By contrast, the new memorial at the World Trade Center site exemplifies a kind of traditional memorial design: footprints, stone and water set in a dramatic, specially designed public space. In the aftermath of the 9/11 attacks, we, the public, searched clumsily for some shared understanding of what to do next, particularly in New York, where the attack site would also remain an urban place. While conflicts abounded as to the appropriate way to memorialize 9/11, many people shared a belief that the footprints of the two main WTC towers should have a strong presence in a memorial.

What is it about footprints that speak to a universal instinct in memorial design? Footprints are the evidence left behind of something gone missing. The twin towers will never be rebuilt, but the footprints satisfy a need to have a reminder of the buildings, the people, and the scale of what had once existed there.
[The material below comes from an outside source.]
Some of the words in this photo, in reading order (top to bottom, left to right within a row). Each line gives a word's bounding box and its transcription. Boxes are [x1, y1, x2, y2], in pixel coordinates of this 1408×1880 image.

Can traditional memorial design and ephemeral memorials coexist in the same spaces? This will be an ongoing tension. Despite the obvious popularity and power of popular memorials as part of the public response to 9/11, memorial stewards have resisted their inclusion in “official” memorials. Remember the signs on the fences around Ground Zero forbidding the leaving of any personal memorial? How this impulse will be accommodated in the new memorial will matter.
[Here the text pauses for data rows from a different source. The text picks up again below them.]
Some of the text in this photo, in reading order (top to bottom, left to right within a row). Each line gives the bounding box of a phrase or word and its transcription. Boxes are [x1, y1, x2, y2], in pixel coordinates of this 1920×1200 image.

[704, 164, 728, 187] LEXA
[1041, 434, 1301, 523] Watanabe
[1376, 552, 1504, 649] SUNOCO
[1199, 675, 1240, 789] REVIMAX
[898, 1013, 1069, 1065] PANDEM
There is no choice to be made between ephemeral and official memorials. What’s significant is that the cultural landscape of memorials encompasses both (all) kinds of memorials, representing by its diversity and changefulness a robust culture of marking time. The memorial landscape, by representing little new in the way of design but bolstered by intense politics—marks the resilience commentators are fawning over these days. While recent memorials may not represent deep, critical exploration of 9/11’s meaning—we have years to work on that—they are healthy signs of a more gregarious engagement with the past in public space. A mix of ephemera and prime objects feels right. It reflects the vexing nature of memorials and our very human confusion about whether to resist or change with time.

Randall Mason is Associate Professor and Chair, Graduate Program in Historic Preservation, School of Design, University of Pennsylvania. Author of The Once and Future New York: Historic Preservation and the Modern City (University of Minnesota Press, 2009). He is working on a book about the history and design of popular memorials.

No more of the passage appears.